Brief:
Could you please reproduce every record below exactly, leaving out the pictures?

Input data:
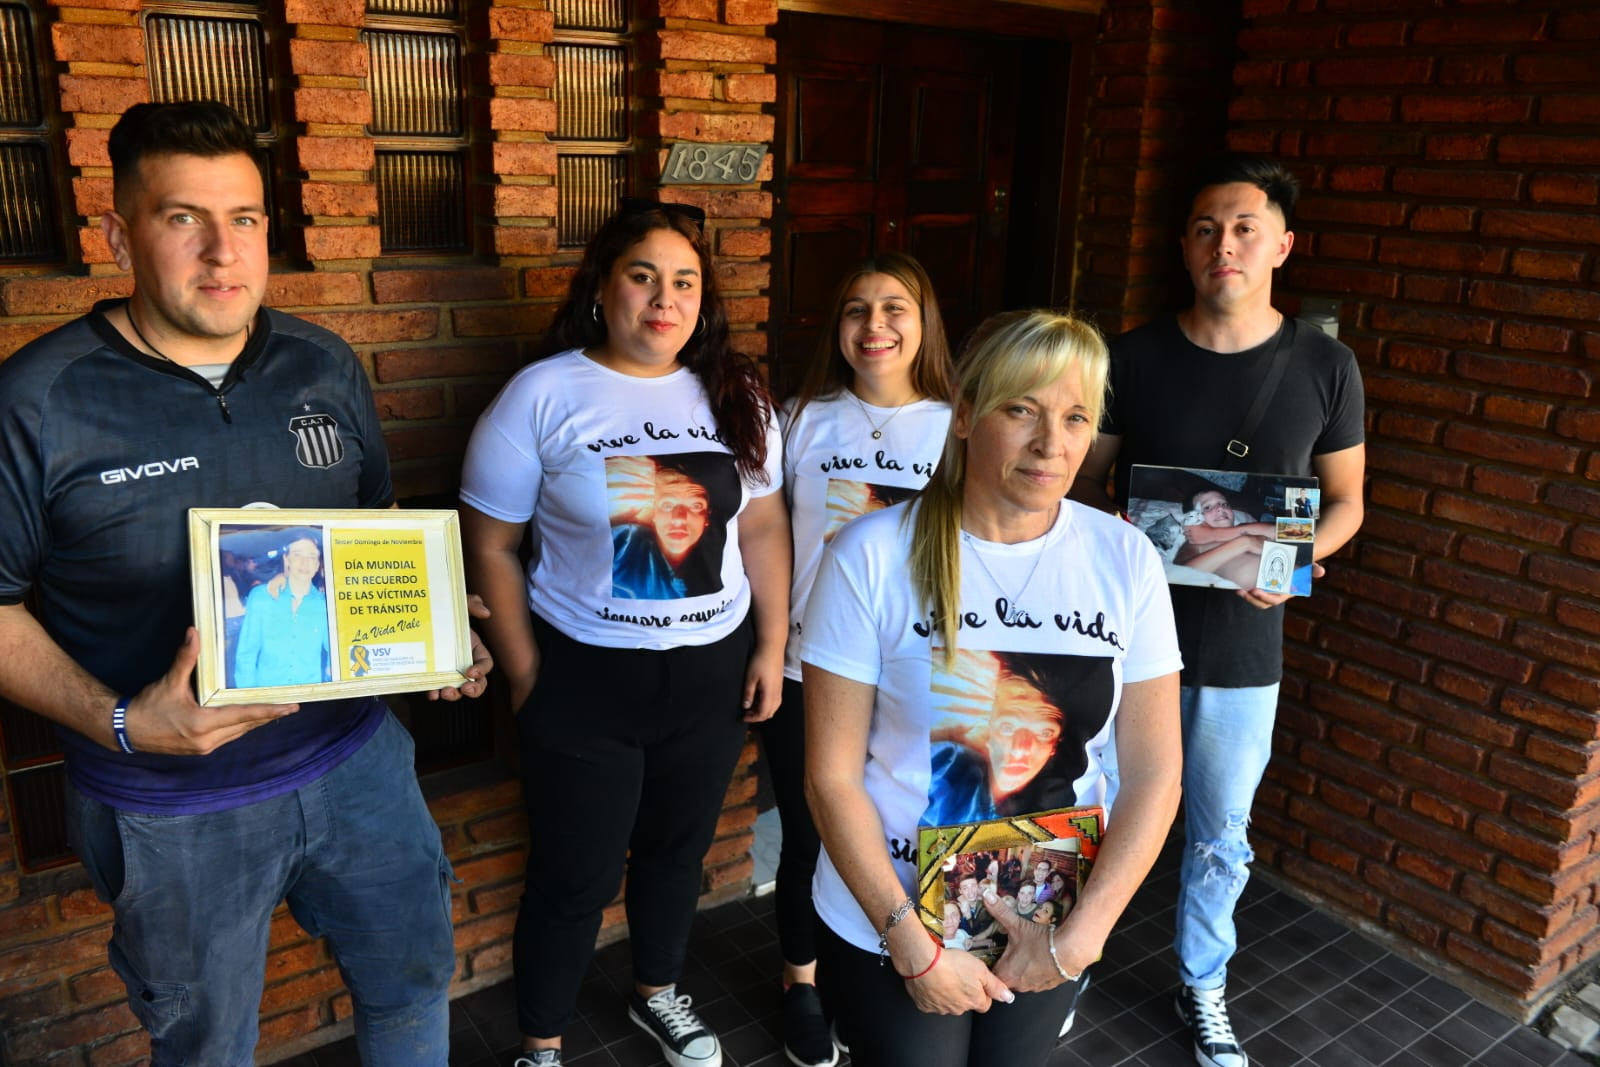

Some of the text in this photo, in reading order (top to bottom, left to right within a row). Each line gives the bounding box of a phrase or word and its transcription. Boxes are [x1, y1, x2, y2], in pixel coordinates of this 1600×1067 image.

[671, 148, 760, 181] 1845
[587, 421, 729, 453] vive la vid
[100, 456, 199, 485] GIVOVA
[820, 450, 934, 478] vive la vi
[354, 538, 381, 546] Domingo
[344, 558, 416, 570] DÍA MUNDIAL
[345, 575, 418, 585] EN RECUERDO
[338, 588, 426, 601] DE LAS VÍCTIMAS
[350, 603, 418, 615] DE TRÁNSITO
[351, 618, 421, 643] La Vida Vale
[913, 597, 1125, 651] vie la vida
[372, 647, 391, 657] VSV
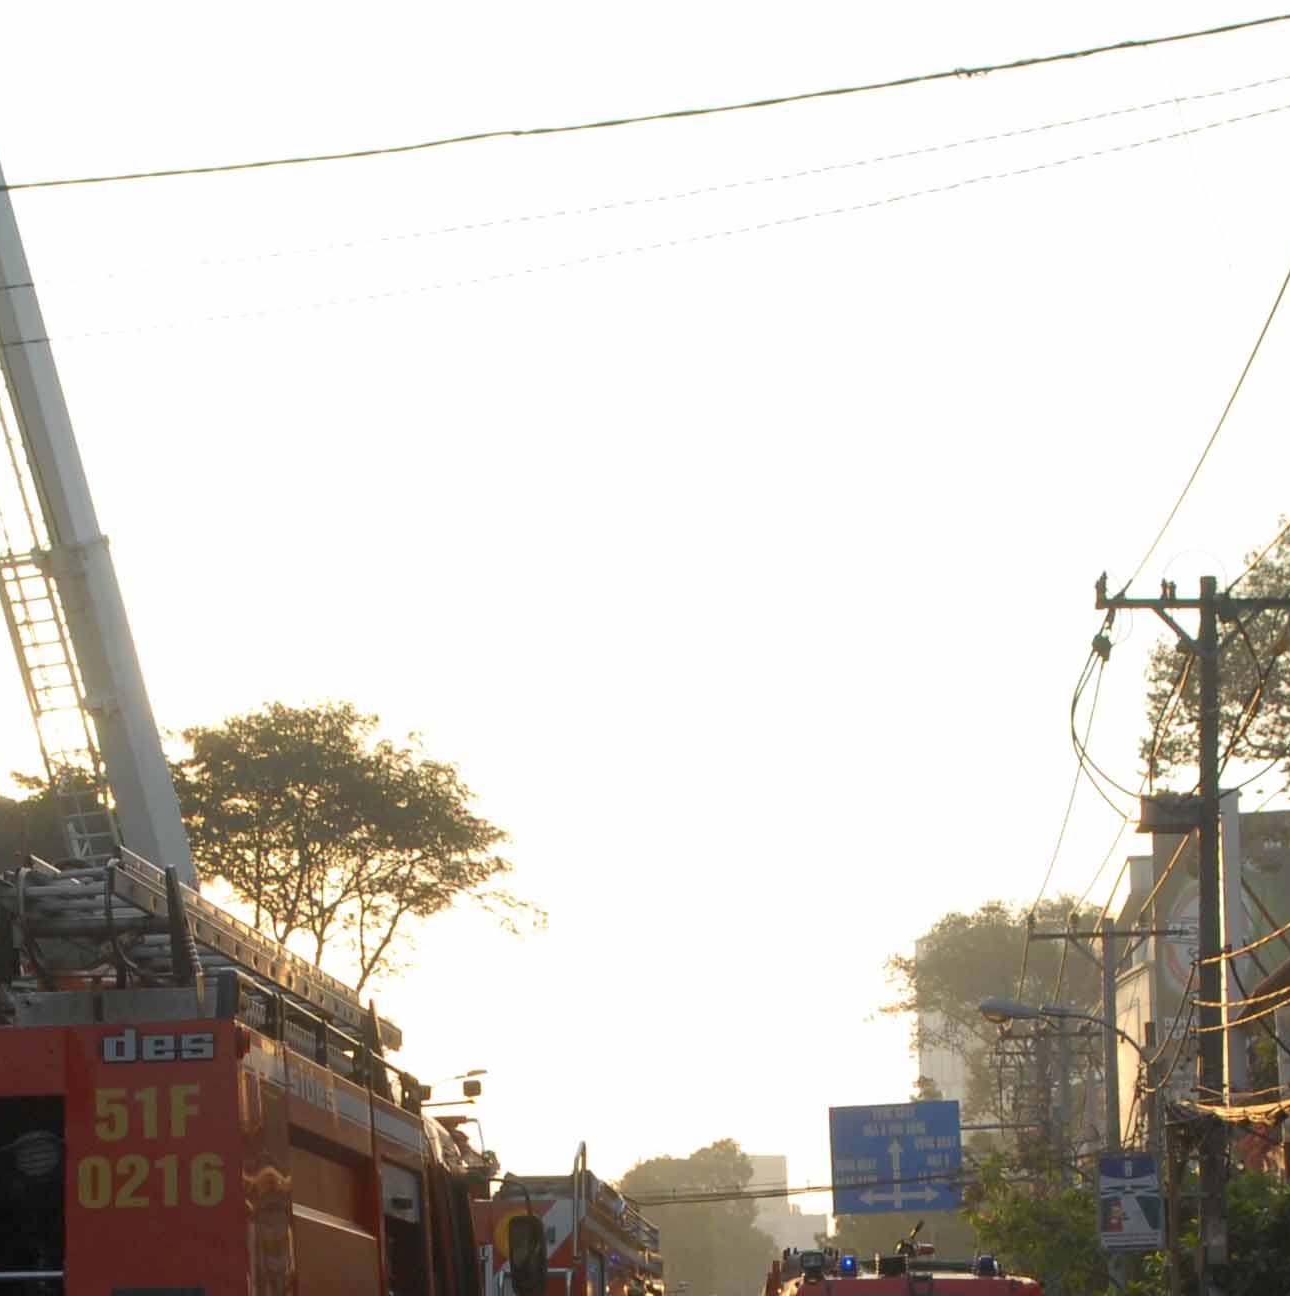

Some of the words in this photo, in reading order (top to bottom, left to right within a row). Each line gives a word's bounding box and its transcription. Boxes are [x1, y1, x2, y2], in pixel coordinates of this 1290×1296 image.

Worked solution:
Some of the text in this photo, in reading order (top to bottom, left to right within a row). Each line gives the bounding box of a phrase or word and its transcription. Boxes are [x1, y1, x2, y2], in pixel coordinates of this 1600×1067 image.

[671, 148, 760, 181] 1845
[587, 421, 729, 453] vive la vid
[100, 456, 199, 485] GIVOVA
[820, 450, 934, 478] vive la vi
[354, 538, 381, 546] Domingo
[344, 558, 416, 570] DÍA MUNDIAL
[345, 575, 418, 585] EN RECUERDO
[338, 588, 426, 601] DE LAS VÍCTIMAS
[350, 603, 418, 615] DE TRÁNSITO
[351, 618, 421, 643] La Vida Vale
[913, 597, 1125, 651] vie la vida
[372, 647, 391, 657] VSV

Some of the words in this photo, in reading order (top to bottom, left to right within a row). Each line gives a word's bounding box and its transcription. Boxes are [x1, y1, x2, y2], in pixel coordinates of this 1290×1296 image.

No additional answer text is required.